A Secretaria de Saúde explicou, em nota oficial, que se preocupa com a saúde dos servidores e, nesse sentido, montou uma espécie de guia para se aproximar desses profissionais, pontuando as dificuldades, os desafios e as dicas para o enfrentamento no âmbito psicológico. Além disso, a pasta reforça que os profissionais podem receber apoio mental nos diversos serviços. “Os Centros de Atenção Psicossocial (Caps) permanecem abertos e podem ser procurados por servidores que sentirem necessidade de atendimento. Os servidores da Gerência de Práticas Integrativas em Saúde (Gerpis) estão fazendo terapias on-line e atendendo profissionais de saúde.”

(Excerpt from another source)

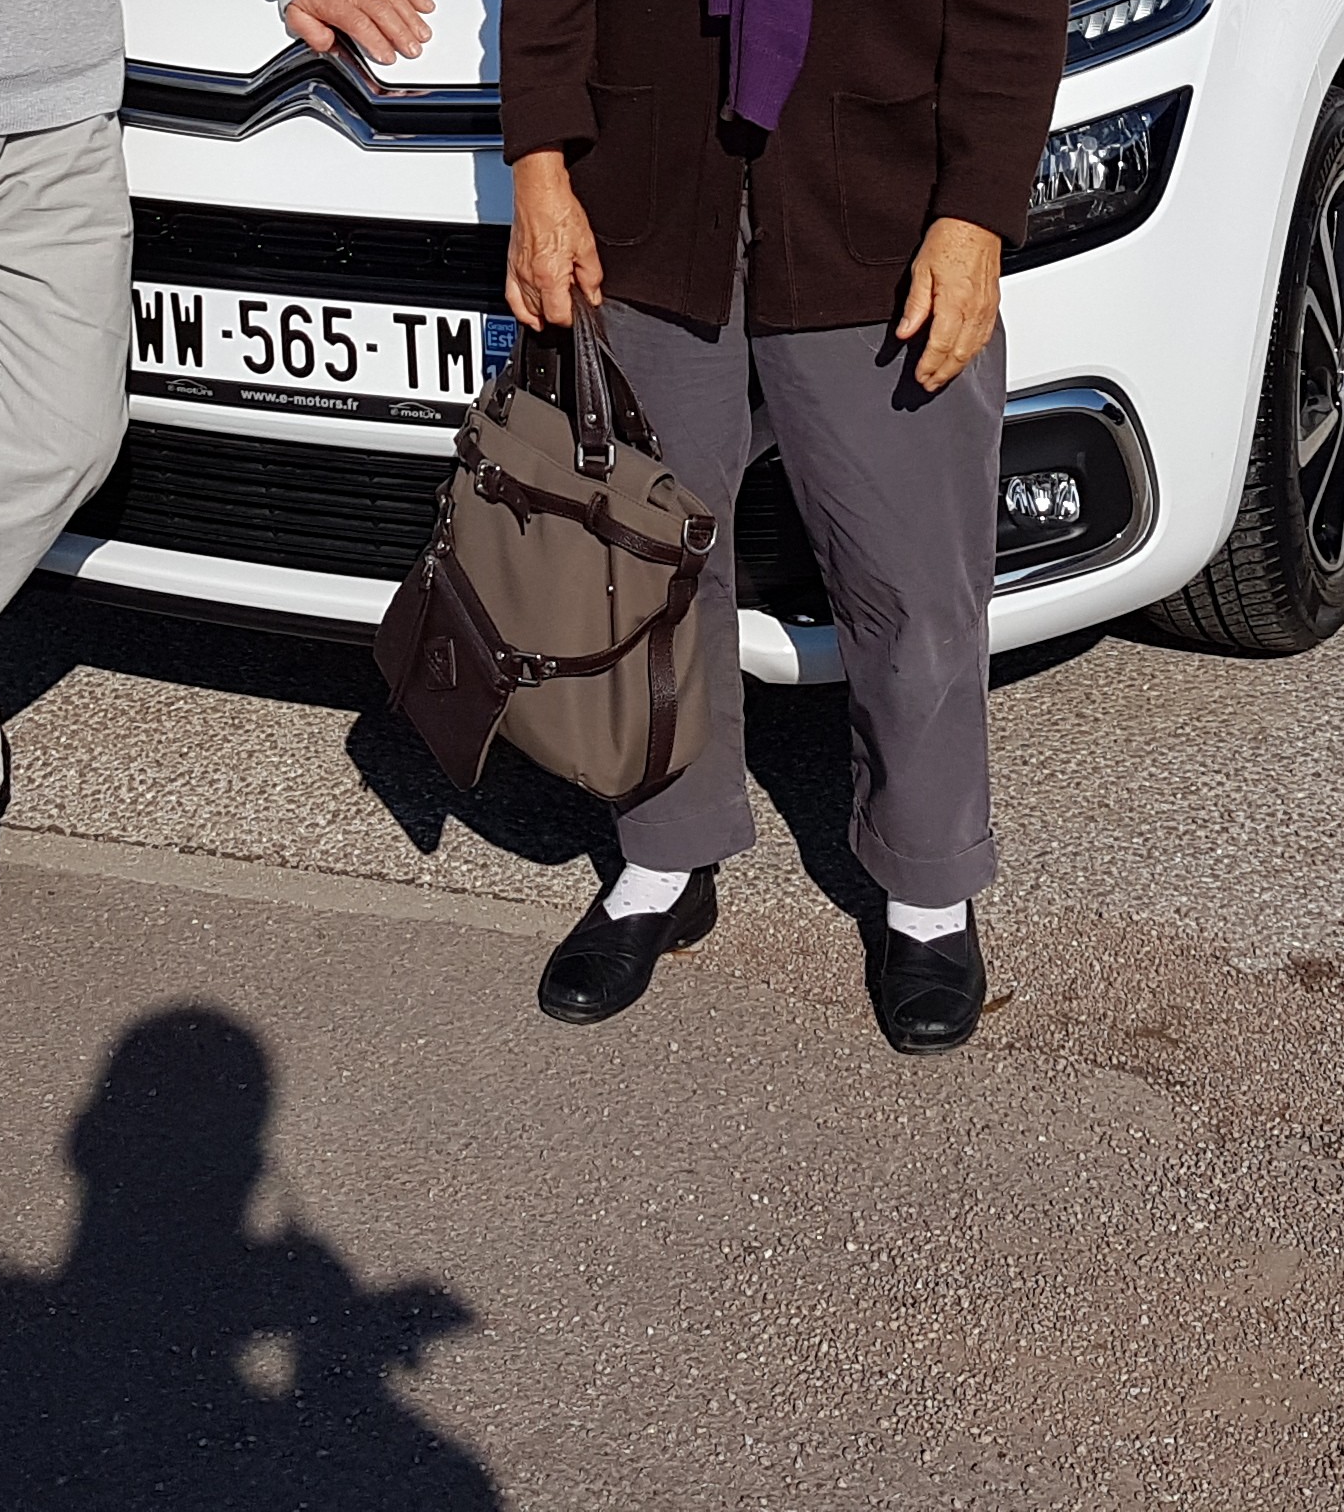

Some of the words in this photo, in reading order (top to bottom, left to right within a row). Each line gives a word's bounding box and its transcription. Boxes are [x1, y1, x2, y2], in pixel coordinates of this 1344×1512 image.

[487, 321, 514, 332] Grand
[487, 330, 514, 348] Est
[240, 389, 359, 411] www.e-motors.fr

*Estagiários sob supervisão de Sibele Negromonte

Onde buscar ajuda

 


CAPS
Centros de Atenção Psicossocial permanecem abertos. No DF, existem 18 unidades. São espaços destinados ao cuidado com a saúde mental, de maneira multidisciplinar. Conta com psicólogos, psiquiatras e demais profissionais relacionados ao tema. Acesse: www.saude.df.gov.br/carta-de-servicos-caps/ 

Gerpis
Mais conhecido como Práticas Integrativas em Saúde, eles fazem terapias e atendimentos on-line. Tem foco na prevenção das doenças, promoção, proteção, recuperação e reabilitação da saúde, na integralidade e humanização do cuidado à saúde e no exercício da clínica ampliada. Para saber mais, basta enviar um e-mail para gerpis.sesdf@gmail.com.

HUB
Para participar do Projeto Cuidar do Hospital Universitário de Brasília, os profissionais precisam agendar um horário para cada atividade. Em caso de crise, o atendimento é imediato. Mais informações no site
www.hub.ebserh.gov.br.

Telegram
O grupo de primeiros socorros psicológicos troca informações, estratégias de manejo de estresse e acolhimento para profissionais de saúde no Brasil. Tem o acolhimento como estratégia para promoção e prevenção de saúde mental. Para entrar no grupo, é preciso acessar https://t.me/sospsicologico.

Agir para salvar vidas
A plataforma está disponível no site www.agirparasalvarvidas.com.br.
Podem se inscrever psiquiatras e psicólogos para ajudar. Do outro lado, para receber o atendimento, cadastram-se médicos, enfermeiros, técnicos em enfermagem e demais profissionais envolvidos diariamente no ambiente hospitalar e no combate ao coronavírus.

 

Dicas para profissionais de saúde 

A especialista em impactos da violência na saúde Carolina Alcântara, professora de psicologia do Centro Universitário de Brasília (UniCeub), dá dicas para manter a saúde mental de quem trabalha na área de saúde. Veja:

» Promover estratégias para relaxar: é importante diminuir os gatilhos mentais. Desligar um pouco a tevê pode ajudar.
» Criar mecanismos para adiar a impulsividade: evitar o uso de produtos como bebidas energéticas, em caso de excesso de trabalho, álcool e cigarros.
» Manter uma rede de apoio, manter vínculos e afetos, apesar da distância: é preciso criar canais de comunicação com a família, entre as equipes e colegas de trabalho.
» Promover treinamento para os equipamentos de proteção individual (EPIs): o uso não deve ser baseado no medo, mas em protocolos estabelecidos.